By Ted Aldwin Ong
Saturday, September 08, 2007
I FIND some sense in the statements of Albay Representative Edcel Lagman, chairman of the House Appropriations Committee, when he said that “”If we want to sustain and enhance the economic gains we have achieved and ensure that our people will truly reap the benefits of economic growth, we have to first resolve the twin problems of a ballooning population and huge debt service.”
Debt servicing has been eating almost 50 percent of national budget through automatic appropriations. The Arroyo regime is considered the run away winner as far as debt accumulation is concerned in financing its government among post 1986 EDSA administrations The Arroyo is also the record holder in terms of debt payments. In such a short period of time Mrs. Arroyo has borrowed a total of P2.82 trillion in while paying a total of P2.83 trillion.

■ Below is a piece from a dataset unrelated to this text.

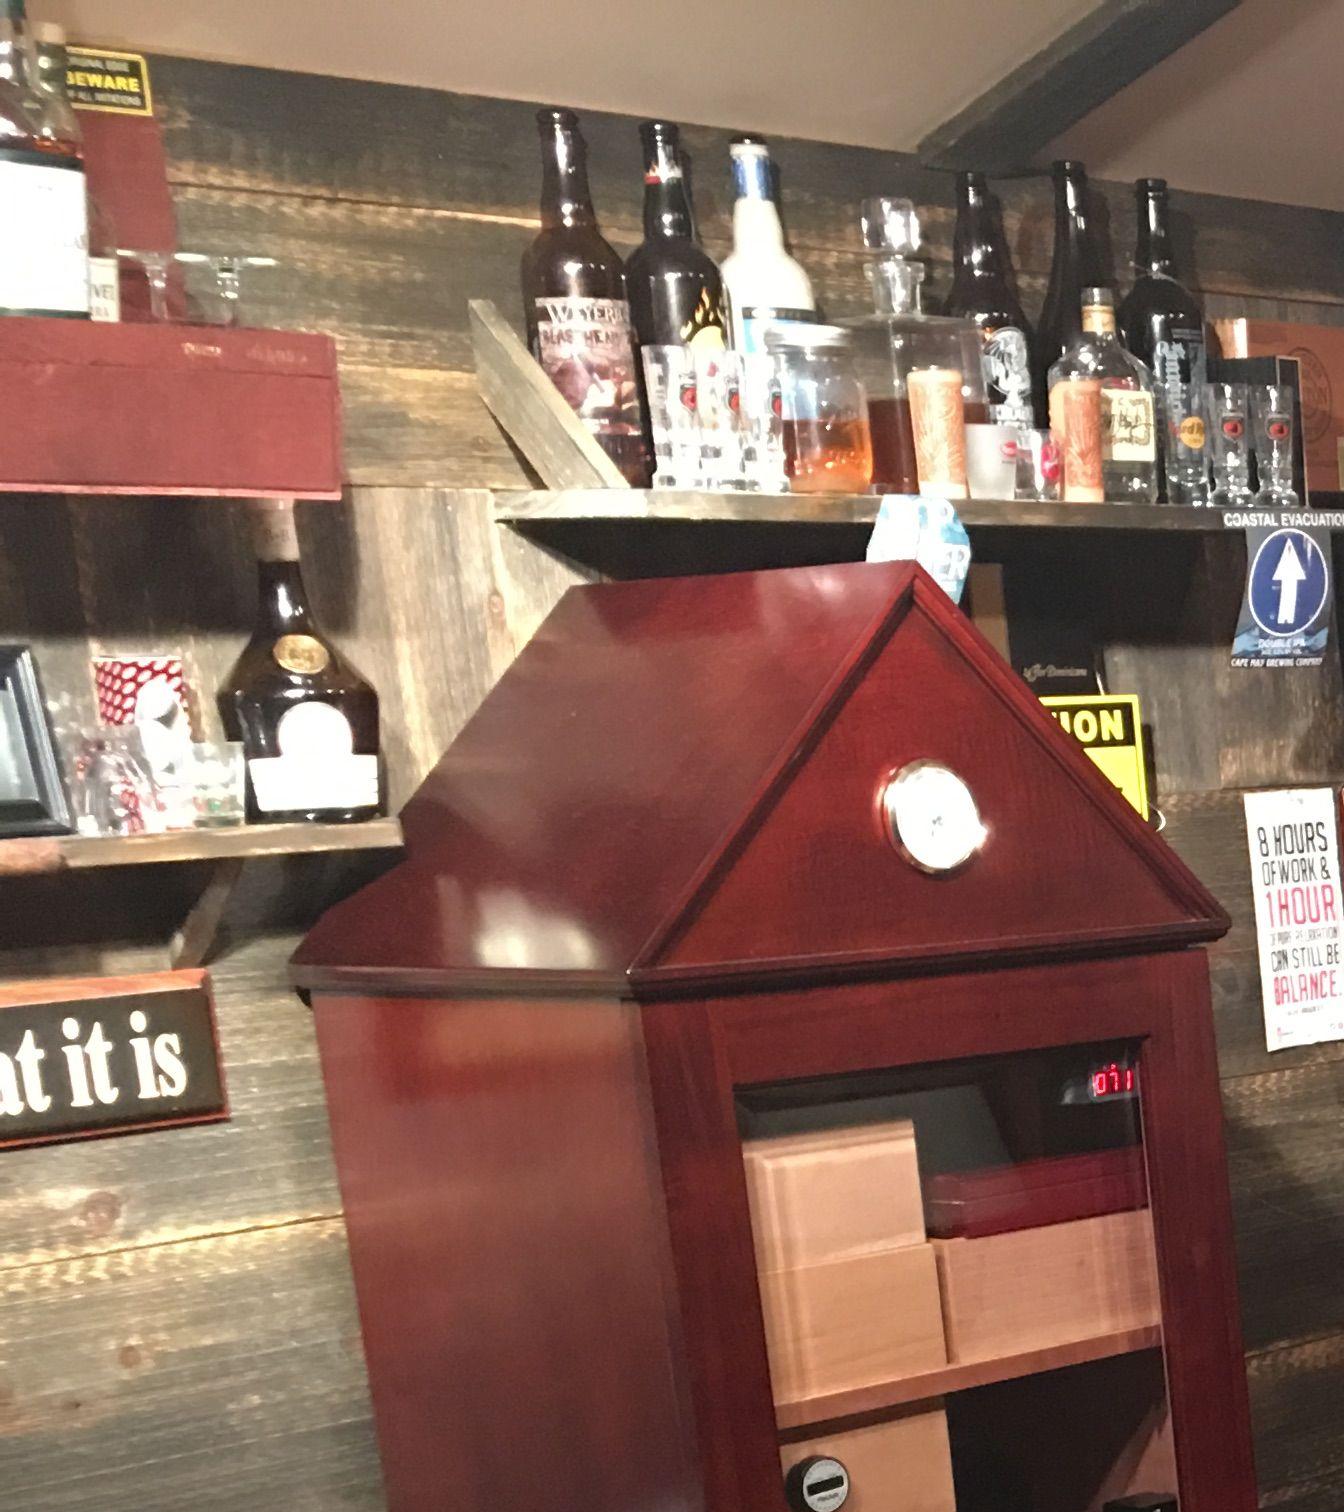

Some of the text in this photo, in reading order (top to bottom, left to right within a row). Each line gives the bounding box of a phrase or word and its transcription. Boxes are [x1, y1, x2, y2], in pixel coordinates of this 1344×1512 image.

While Representative Lagman expressed a significant point on the impact of debt servicing to economic growth, it needs to take an important step by looking into the legitimacy or illegitimacy of government debts especially the contracts entered by the Arroyo regime.
It is undeniable that the national government has entered into numerous projects which proved to be disadvantageous to the Filipino people. At the end, it is the people – the taxpayers, who bare the responsibility of paying anomalous projects. Ultimately, it is also the people who suffer the lack of appropriations for social services because debt servicing automatically absorb a big chunk of the national budget.
Let us look into the concept of the illegitimacy of debt in order for us to fully understand why some projects are by nature illegitimate, thus it must not be paid by taxpayers.
Lidy Nacpil, coordinator of Jubilee South-Asia Pacific Movement on Debt and Development who is also the vice-president of the Freedom from Debt Coalition-Philippines, has thoroughly discussed the concept of illegitimate debts.
The concept of legitimacy is a broad concept that touches on the principles of human rights and sustainable human development, justice and fairness, accountability and responsibility, sovereignty of people’s and nations, democratic rights and processes.
Loans which violate these principles are deemed to be illegitimate – or unacceptable. This violation occurs in the elements necessary in the acquiring of the debt and its impact, which includes, illegitimate processes, illegitimate terms and contractual obligations, illegitimate purposes and illegitimate use of the funds, illegitimate origins, illegitimate impact of debt servicing and illegitimate practice of using debt, debt relief, and access to credit as leverage for imposing conditionalities.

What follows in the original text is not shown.